Local vector database with local embedding

RAG over classified documents requires that the embedding model also runs inside the enclave. Sending text to a remote embedding API, even one provided by a major cloud, is the move that breaks the air gap most often in practice. Teams discover the leak when network monitoring shows DNS queries to api.openai.com originating from the supposedly air-gapped retrieval pipeline; the embedding step was using an SDK that defaulted to the cloud provider.

The deployment uses an on-prem embedding model — typically a smaller open-source model that's fast on CPU or runs efficiently on the same GPUs as the serving workers. Common choices: a 384- or 768-dimensional embedding model like bge-small, nomic-embed, or a domain-tuned variant for specialised content. The vector index is encrypted at rest with customer-managed keys, accessed only from inside the enclave, and backed up to the same media regime the rest of the deployment uses.

The vector store choice — Milvus, Qdrant, pgvector — matters less than the deployment hygiene around it. The store needs the same versioned-artefact treatment as the model registry: the corpus snapshots are recorded, the embedding model version is recorded, the index build process is reproducible. When the corpus changes, the re-embedding job runs on a controlled cadence and the auditor can trace any retrieval result back to a specific corpus snapshot. TrueFoundry's deployment manifest pins the on-prem embedding model and the vector store as part of the same Helm install, so the team isn't sourcing them separately at staging time — the choice of embedding model and vector backend is a values-file knob; the air-gap posture is not.

Self-contained gateway data plane

TrueFoundry's AI Gateway, in air-gapped deployments, runs as a containerized workload deployed via Helm into the customer's Kubernetes cluster inside the enclave. There are no outbound network dependencies for any of its runtime operations: identity comes from the local IdP (typically Active Directory or LDAP, sometimes a customer-operated SAML provider), policy lives on local disk under version control, audit logs go to the local SIEM (Splunk on-prem in most defense deployments, sometimes a customer-built equivalent).
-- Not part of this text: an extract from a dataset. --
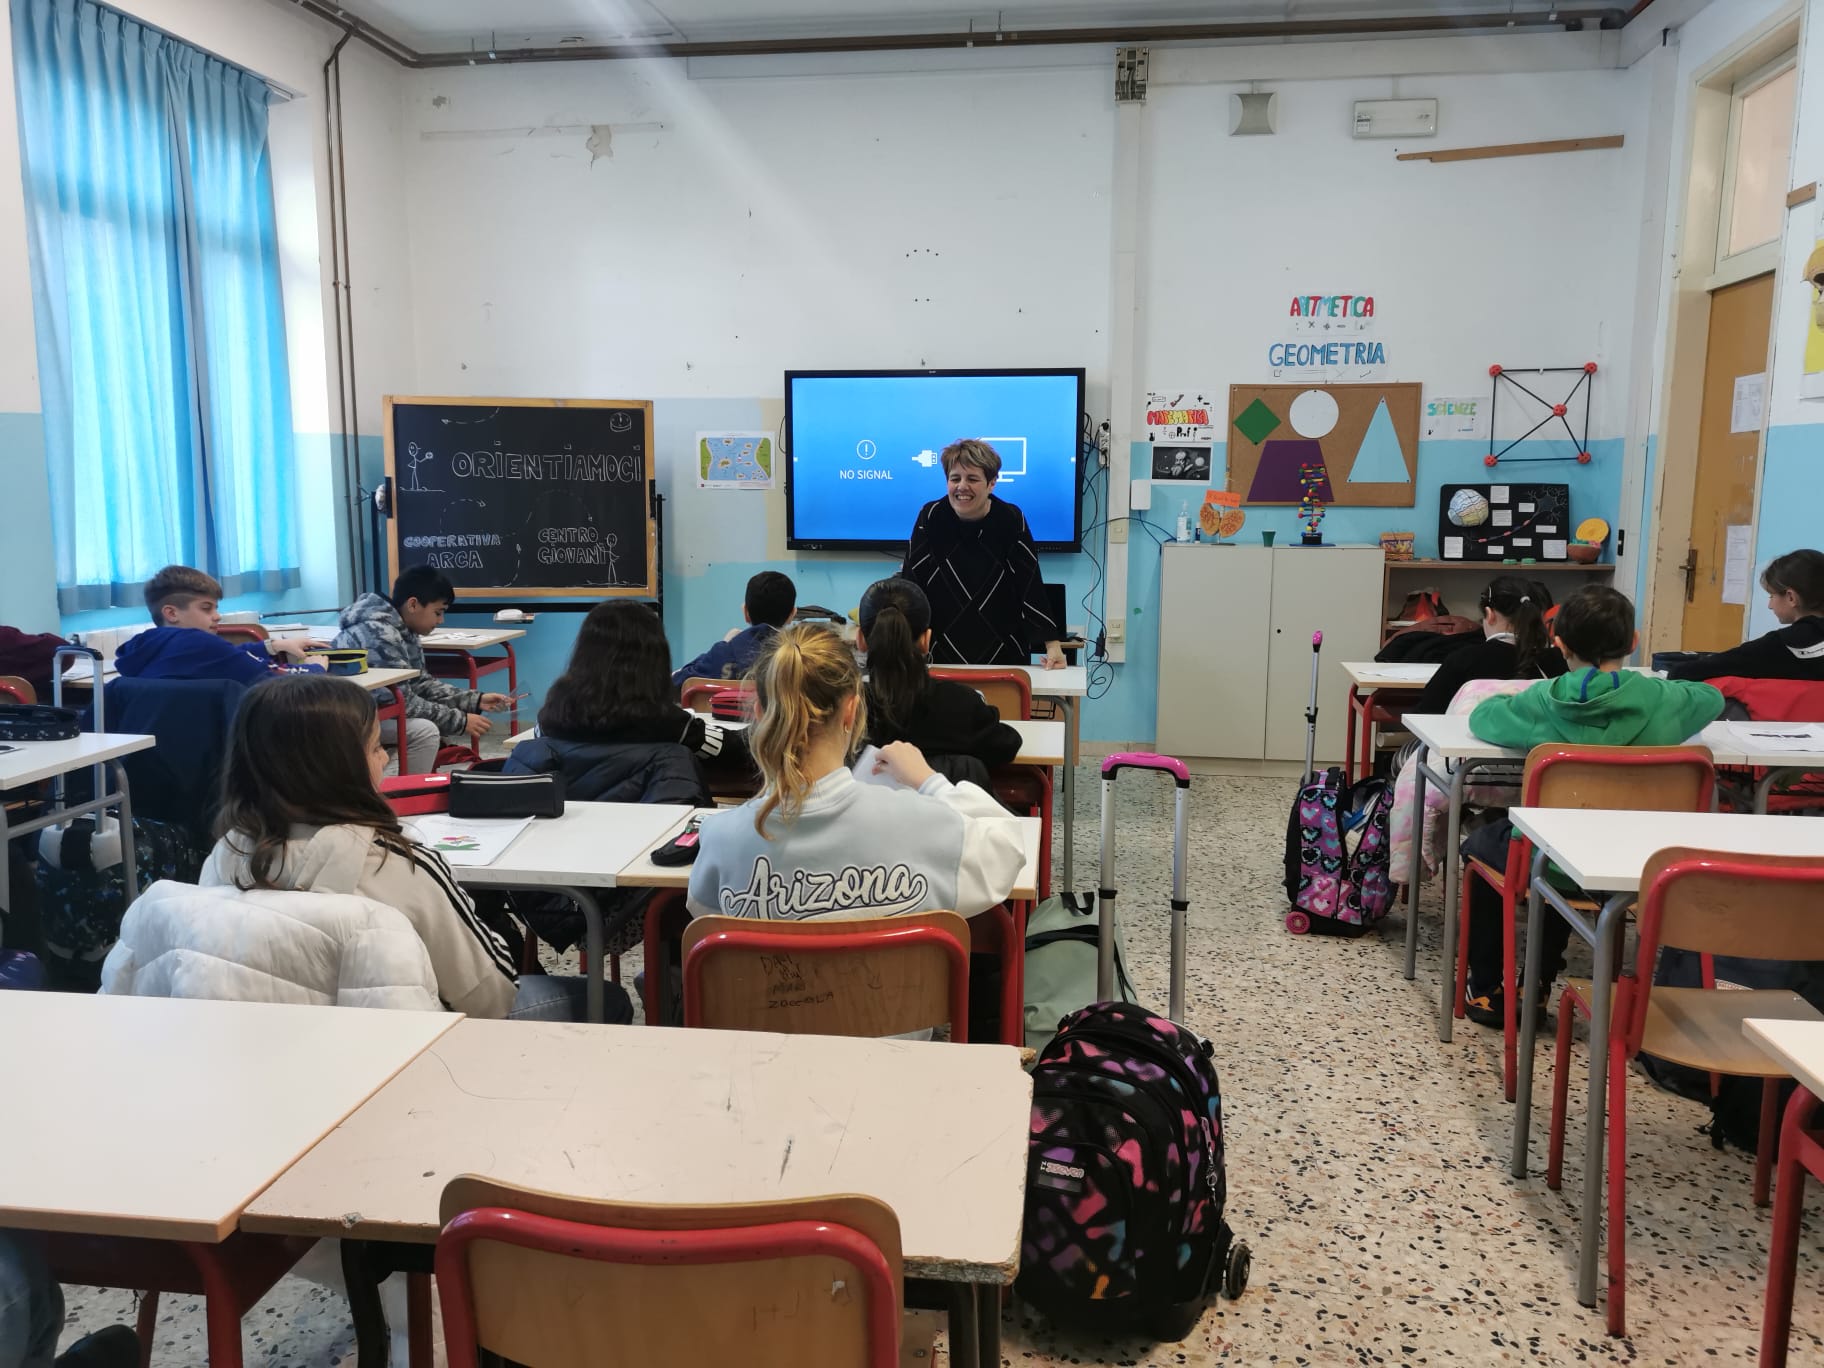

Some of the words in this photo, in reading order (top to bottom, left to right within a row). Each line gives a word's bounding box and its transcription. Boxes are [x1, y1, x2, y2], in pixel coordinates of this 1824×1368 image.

There is no telemetry to a vendor control plane; aggregate health metrics, if exported at all, go through a one-way data diode to a separately accredited monitoring environment.

The gateway's feature set is the same in air-gapped as in connected deployments. The same tokens-per-hour rate limiting per project, team, or workflow. The same per-project budget enforcement with hard caps that block new requests when a budget is reached. The same priority-based fallback routing across local model targets. The same input and output guardrails — PII / PHI redaction on inputs before the model sees them, secrets detection on outputs before they reach the client, prompt-injection detection for agent-shaped workloads. The features run; they emit their telemetry to the on-prem stack rather than to a vendor's observability cloud. The configuration that drives them is the same YAML.
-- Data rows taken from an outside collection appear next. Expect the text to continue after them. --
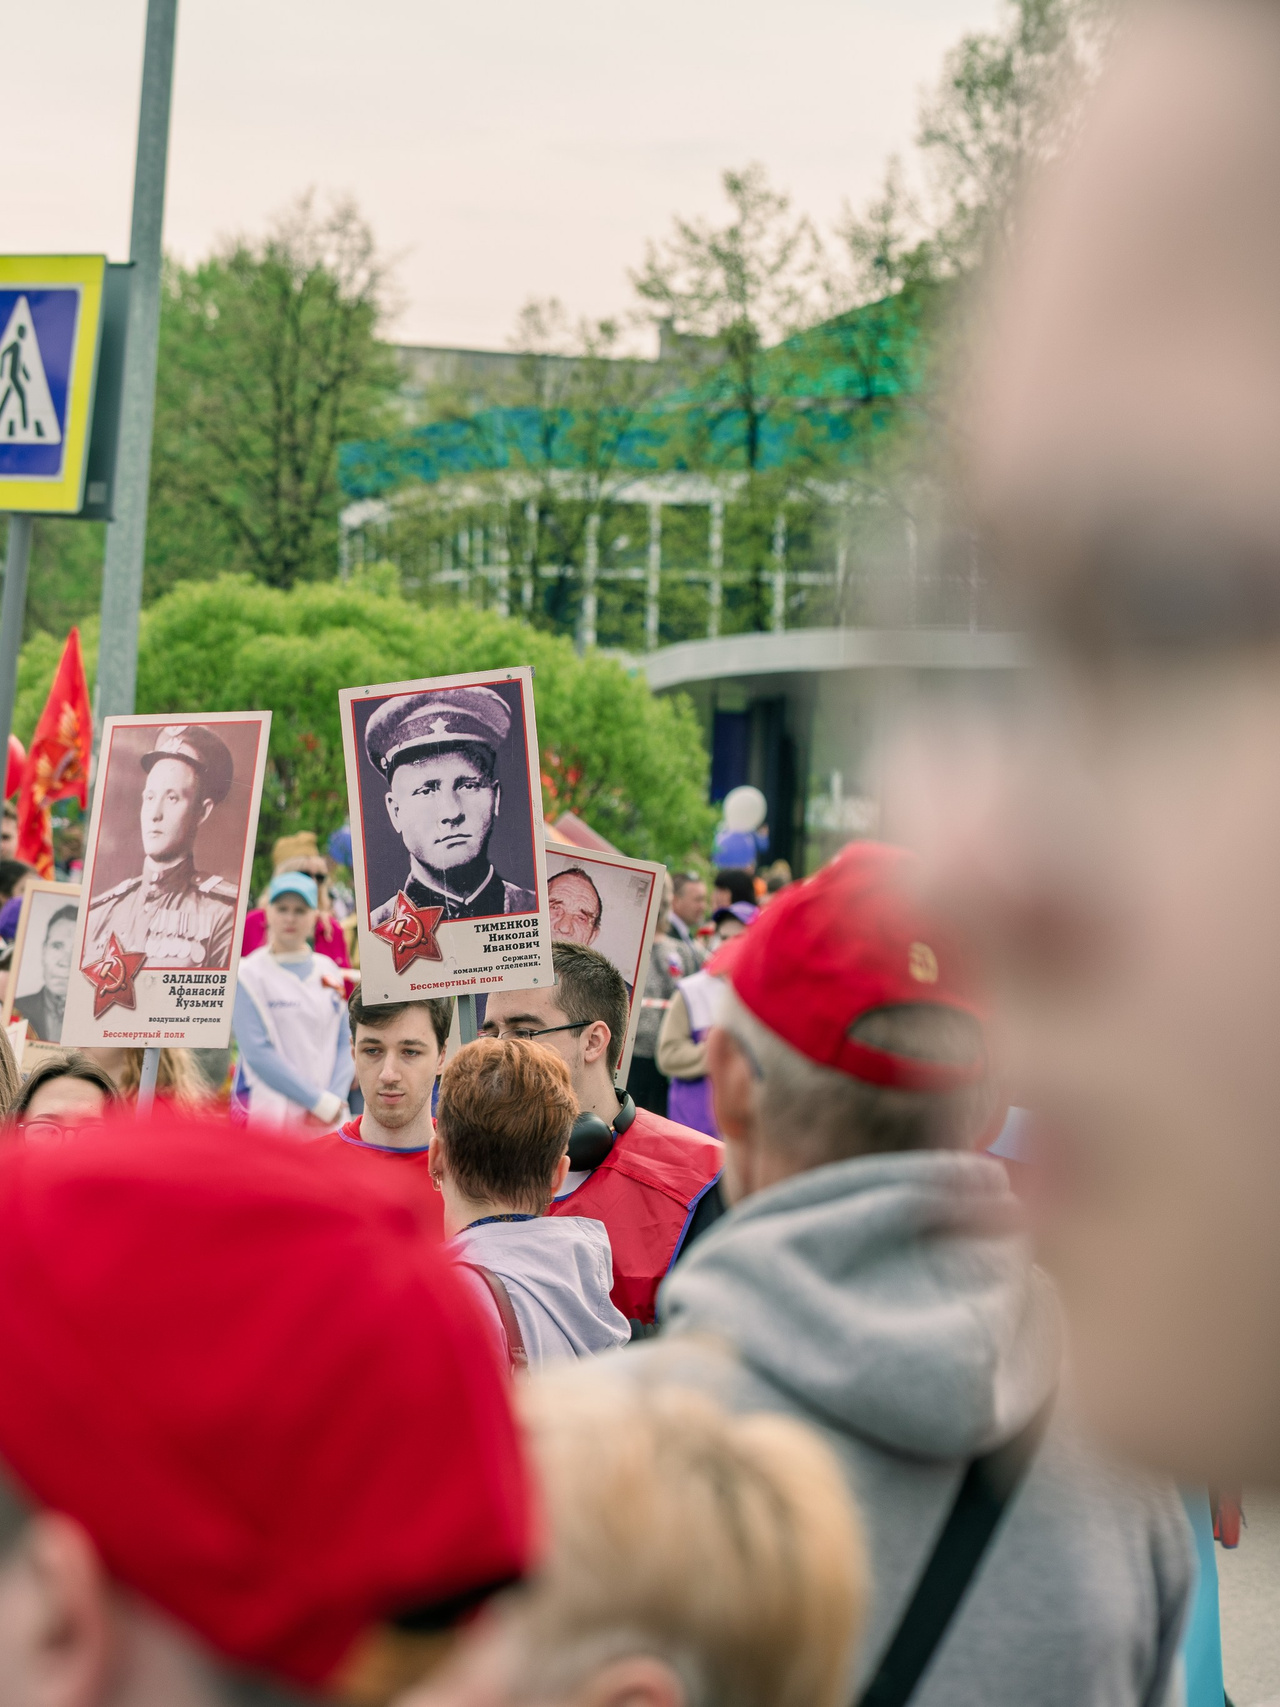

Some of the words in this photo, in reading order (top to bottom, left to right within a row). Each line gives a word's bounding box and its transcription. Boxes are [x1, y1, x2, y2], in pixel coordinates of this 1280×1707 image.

[473, 918, 539, 934] ТИМЕНКОВ
[488, 928, 540, 943] Николай
[482, 940, 541, 954] Иванович
[502, 953, 541, 963] Сержант,
[453, 965, 494, 975] командир
[495, 961, 541, 970] отделения.
[162, 974, 227, 984] ЗАЛАШКОВ
[409, 978, 477, 992] Бессмертный
[480, 975, 504, 984] полк
[168, 985, 226, 998] Афанасий
[175, 997, 224, 1010] Кузьмич
[148, 1016, 190, 1024] воздушный
[102, 1030, 161, 1040] Бессмертный
This matters in practice because a platform team that operates a connected dev environment and an air-gapped production environment isn't operating two platforms — they're operating one platform with two values files. The gateway image is the same; the chart is the same; the API surface is the same. The engineering investment in the gateway pays off across every deployment shape simultaneously.

Container registry and package mirrors

Every container image the deployment uses has to come from somewhere. In a connected environment, that somewhere is Docker Hub or ECR. Inside the enclave, it is a local Harbor or equivalent registry, populated at staging time from external mirrors and then frozen. The same is true for PyPI, npm, apt, and any other language package manager the system depends on. Snapshots get scanned for vulnerabilities at staging, then pinned.

The discipline is that nothing the system needs at runtime can be a moving target. The world outside changes; the inside of the enclave does not, except on a controlled cadence. A CVE published yesterday in a Python dependency does not automatically propagate into the enclave; it propagates on the next scheduled update, after the security team has reviewed it. This is sometimes uncomfortable for teams used to apt-get upgrade; it is the trade the deployment posture requires.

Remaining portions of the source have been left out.